A New Vanadium Complex Improves the Spatial Learning and Memory by Activation of Caveolin–MAPK–CREB Pathway in Diabetic Mice

Abstract

Diabetic encephalopathy, characterized by impaired spatial cognitive functions and the decline of learning and memory ability, involves direct neuronal damage caused by intracellular glucose. Vanadium, a required trace element of human body, is reported that it can reduce the blood glucose values of glycemia animals and has an effect on the treatment of diabetes complications. To investigate the role of vanadium in the pathogenesis of diabetic cognitive function impediment, Kunming mice were divided into control group, diabetes group and vanadium-treatment group. Diabetic mice were induced by intraperitoneal injection of 200 mg/kg of alloxan and in vanadium-treatment group diabetic mice were treated by intragastric infusion for three weeks with 5 mg/kg of VO(HB(3,5-Me 2 pz) 3 )(3,5-Me 2 pzH)(SCN)(SCNH) 2 , a new vanadium complex with 3,5-dimethyl-pyrazolyl ligand and relative lower toxicity. The three groups were trained by Morris water maze and then the expression of proteins related to learning and memory in the hippocampus of mice were examined by Western blot. The results showed that (1) the latency to find platform was longer ( p>0.05) and the percent time in target quadrant was lower (p<0.05) in diabetes group compared with that in control group.
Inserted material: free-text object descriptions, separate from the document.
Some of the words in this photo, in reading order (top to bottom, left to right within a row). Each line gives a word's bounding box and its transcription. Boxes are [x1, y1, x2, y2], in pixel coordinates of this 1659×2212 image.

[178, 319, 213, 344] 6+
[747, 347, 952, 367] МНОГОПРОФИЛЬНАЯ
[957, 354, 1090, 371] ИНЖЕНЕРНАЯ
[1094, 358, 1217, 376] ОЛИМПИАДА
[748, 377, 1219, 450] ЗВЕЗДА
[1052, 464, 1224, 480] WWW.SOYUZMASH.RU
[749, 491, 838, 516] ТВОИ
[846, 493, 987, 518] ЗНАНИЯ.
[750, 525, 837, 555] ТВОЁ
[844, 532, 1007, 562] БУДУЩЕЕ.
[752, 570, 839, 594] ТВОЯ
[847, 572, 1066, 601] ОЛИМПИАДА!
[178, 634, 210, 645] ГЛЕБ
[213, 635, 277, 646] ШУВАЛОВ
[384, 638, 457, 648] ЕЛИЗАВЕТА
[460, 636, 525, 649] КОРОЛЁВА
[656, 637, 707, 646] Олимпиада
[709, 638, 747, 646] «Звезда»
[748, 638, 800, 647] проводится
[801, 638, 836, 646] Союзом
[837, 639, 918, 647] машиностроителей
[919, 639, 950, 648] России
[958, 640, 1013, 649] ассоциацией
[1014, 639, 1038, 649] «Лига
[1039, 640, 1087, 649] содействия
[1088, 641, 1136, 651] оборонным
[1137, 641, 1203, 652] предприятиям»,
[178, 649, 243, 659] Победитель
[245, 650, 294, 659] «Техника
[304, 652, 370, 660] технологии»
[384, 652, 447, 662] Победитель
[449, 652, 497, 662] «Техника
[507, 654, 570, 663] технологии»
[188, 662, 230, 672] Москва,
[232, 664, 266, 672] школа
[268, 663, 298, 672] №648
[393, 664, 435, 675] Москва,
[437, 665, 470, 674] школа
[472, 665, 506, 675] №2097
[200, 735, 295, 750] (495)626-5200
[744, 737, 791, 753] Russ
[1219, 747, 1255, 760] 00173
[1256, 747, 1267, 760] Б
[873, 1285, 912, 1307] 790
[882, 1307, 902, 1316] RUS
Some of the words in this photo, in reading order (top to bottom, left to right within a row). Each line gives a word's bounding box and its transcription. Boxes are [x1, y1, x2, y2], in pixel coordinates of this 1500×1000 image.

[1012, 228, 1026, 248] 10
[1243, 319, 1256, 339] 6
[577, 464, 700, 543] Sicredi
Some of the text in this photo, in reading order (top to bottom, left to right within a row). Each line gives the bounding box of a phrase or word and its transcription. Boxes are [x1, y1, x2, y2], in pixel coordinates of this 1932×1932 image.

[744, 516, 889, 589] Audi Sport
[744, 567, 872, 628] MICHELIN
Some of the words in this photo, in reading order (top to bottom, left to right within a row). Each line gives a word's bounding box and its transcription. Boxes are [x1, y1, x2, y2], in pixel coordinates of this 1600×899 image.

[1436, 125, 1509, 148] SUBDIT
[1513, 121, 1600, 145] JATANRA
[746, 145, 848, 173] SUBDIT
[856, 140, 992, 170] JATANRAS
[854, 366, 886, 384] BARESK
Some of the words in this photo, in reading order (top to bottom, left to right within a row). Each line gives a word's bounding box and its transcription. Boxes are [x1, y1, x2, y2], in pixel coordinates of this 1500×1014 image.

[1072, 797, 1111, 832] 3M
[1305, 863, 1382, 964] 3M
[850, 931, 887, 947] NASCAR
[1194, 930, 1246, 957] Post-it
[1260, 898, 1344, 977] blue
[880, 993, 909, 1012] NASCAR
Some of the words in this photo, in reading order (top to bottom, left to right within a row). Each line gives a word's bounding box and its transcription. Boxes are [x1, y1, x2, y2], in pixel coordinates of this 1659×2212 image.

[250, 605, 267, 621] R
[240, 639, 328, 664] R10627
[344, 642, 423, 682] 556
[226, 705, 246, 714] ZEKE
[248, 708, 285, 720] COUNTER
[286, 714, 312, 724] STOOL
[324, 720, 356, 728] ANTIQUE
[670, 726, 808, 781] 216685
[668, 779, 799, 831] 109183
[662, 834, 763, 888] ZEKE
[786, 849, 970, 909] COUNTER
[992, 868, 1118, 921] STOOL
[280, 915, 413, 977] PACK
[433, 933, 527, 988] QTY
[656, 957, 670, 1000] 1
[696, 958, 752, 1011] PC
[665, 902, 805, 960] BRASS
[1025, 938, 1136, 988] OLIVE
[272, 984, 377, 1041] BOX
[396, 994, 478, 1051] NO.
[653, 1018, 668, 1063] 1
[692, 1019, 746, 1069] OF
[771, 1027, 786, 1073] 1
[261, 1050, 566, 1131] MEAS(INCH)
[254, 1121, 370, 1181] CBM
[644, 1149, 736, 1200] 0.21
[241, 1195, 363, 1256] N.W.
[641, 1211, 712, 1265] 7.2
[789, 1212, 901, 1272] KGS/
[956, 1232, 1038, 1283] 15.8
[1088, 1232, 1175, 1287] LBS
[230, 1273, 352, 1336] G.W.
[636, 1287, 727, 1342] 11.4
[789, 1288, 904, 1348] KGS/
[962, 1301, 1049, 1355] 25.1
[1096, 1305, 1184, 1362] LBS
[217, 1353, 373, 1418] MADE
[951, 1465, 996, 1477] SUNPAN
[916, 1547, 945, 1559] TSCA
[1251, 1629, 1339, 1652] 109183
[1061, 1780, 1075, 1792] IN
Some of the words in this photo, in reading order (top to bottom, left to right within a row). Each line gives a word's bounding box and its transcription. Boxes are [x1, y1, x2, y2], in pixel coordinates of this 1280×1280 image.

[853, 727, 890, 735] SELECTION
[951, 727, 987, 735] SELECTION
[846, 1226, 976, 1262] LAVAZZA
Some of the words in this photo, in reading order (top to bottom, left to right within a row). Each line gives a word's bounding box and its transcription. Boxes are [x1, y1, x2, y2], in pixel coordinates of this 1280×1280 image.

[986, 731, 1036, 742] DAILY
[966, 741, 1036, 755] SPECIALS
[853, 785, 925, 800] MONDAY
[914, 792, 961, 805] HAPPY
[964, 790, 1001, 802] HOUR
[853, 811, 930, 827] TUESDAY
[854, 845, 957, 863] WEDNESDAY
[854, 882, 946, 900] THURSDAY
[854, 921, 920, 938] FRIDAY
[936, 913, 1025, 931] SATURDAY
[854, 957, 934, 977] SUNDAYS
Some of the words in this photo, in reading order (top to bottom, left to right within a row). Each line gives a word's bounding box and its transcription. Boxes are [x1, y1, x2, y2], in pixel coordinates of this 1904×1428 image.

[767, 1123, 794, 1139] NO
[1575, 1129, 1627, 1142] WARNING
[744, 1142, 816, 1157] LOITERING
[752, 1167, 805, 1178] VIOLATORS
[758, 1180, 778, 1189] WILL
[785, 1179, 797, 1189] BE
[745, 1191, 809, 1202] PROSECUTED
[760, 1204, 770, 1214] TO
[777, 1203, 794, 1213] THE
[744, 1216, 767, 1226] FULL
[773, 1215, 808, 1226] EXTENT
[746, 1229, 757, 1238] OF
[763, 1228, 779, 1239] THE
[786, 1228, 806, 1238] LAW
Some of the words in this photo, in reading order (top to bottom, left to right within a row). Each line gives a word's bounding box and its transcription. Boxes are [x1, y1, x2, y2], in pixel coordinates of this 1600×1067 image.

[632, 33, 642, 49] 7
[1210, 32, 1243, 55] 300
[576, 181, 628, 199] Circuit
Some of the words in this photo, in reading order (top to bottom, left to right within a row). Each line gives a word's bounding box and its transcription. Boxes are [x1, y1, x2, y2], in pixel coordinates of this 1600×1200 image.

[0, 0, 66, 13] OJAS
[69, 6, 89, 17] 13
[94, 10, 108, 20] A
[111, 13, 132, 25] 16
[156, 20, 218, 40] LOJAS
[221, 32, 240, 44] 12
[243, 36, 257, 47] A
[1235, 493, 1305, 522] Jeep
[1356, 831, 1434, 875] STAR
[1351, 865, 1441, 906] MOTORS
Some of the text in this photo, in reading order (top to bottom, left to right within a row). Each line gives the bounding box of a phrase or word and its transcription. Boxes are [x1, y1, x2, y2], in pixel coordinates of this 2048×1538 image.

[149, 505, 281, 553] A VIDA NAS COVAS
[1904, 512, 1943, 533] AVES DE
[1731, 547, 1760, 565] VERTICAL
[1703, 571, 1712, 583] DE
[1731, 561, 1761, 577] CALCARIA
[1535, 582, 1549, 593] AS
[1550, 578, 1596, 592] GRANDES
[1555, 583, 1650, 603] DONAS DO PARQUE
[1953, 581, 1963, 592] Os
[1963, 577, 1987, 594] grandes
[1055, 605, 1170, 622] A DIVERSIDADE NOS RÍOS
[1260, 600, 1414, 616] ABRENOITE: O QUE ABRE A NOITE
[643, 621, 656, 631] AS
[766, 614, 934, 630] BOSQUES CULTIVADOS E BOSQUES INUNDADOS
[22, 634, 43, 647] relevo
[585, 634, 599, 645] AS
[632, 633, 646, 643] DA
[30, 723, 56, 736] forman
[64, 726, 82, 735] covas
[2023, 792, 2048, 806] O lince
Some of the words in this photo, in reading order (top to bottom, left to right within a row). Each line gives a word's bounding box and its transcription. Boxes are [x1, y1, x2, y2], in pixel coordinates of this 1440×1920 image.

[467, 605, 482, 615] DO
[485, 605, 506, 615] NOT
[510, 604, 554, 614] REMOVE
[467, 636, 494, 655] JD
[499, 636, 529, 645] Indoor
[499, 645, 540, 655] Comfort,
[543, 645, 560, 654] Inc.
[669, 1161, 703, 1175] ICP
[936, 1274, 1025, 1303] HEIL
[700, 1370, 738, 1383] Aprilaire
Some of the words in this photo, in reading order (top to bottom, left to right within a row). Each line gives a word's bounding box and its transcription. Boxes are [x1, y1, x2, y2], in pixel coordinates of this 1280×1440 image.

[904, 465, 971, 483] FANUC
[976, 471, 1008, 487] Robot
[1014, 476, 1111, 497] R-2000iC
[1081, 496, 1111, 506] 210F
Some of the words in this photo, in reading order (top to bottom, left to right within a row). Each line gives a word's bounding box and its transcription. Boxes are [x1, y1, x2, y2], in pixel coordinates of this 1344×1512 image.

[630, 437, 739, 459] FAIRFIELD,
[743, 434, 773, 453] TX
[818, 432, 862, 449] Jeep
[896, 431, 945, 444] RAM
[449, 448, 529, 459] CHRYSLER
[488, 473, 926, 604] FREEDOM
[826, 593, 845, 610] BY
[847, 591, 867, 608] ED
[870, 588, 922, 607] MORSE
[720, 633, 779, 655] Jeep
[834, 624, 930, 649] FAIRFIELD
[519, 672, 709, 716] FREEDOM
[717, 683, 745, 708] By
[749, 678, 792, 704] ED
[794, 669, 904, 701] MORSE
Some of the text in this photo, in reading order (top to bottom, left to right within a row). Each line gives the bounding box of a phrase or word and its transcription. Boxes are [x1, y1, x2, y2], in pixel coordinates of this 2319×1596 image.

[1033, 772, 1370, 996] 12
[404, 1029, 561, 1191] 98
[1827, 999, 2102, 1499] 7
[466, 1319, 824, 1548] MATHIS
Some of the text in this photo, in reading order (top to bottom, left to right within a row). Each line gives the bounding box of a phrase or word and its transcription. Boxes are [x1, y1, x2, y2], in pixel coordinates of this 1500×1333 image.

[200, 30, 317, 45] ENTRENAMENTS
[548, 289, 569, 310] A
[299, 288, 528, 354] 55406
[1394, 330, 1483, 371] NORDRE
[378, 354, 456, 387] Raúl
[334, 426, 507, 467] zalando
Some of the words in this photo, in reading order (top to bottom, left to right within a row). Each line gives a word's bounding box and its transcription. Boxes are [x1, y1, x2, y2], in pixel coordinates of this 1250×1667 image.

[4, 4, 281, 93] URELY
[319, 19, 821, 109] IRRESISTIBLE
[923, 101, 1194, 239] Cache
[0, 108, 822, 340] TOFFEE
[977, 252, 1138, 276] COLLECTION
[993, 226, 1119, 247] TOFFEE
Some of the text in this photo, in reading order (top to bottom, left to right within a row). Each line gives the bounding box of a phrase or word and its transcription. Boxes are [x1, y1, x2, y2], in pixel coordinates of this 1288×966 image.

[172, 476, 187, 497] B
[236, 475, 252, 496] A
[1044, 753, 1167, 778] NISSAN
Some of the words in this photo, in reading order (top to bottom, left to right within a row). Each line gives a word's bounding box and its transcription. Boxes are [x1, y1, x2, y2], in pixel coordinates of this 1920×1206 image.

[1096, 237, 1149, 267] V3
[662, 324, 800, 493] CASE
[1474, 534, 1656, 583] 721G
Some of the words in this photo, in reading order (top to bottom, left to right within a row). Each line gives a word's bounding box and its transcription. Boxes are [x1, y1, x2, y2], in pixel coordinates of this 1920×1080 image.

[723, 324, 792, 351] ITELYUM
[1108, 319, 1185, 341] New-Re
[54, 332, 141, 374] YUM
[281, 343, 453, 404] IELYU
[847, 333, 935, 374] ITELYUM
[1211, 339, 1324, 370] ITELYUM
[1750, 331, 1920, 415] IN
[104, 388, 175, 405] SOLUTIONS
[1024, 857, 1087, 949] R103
The learning and memory score of vanadium-treatment group was obviously higher than that of diabetes group (p<0.05) and equivalent with the control group; (2) the phosphorylation level of p42/p44MAPK protein was remarkably decreased in diabetes group and then increased after vanadium treatment. Furthermore, Caveolin-1 expression was remarkably reduced and CREB2 expression was higher in diabetes group while after vanadium treatment caveolin-1 expression was significantly increased. These results suggest that vanadium can improve the learning and memory ability of diabetic mice and its mechanism may be involved in the activation of Caveolin–MAPK–CREB pathway in the neuron.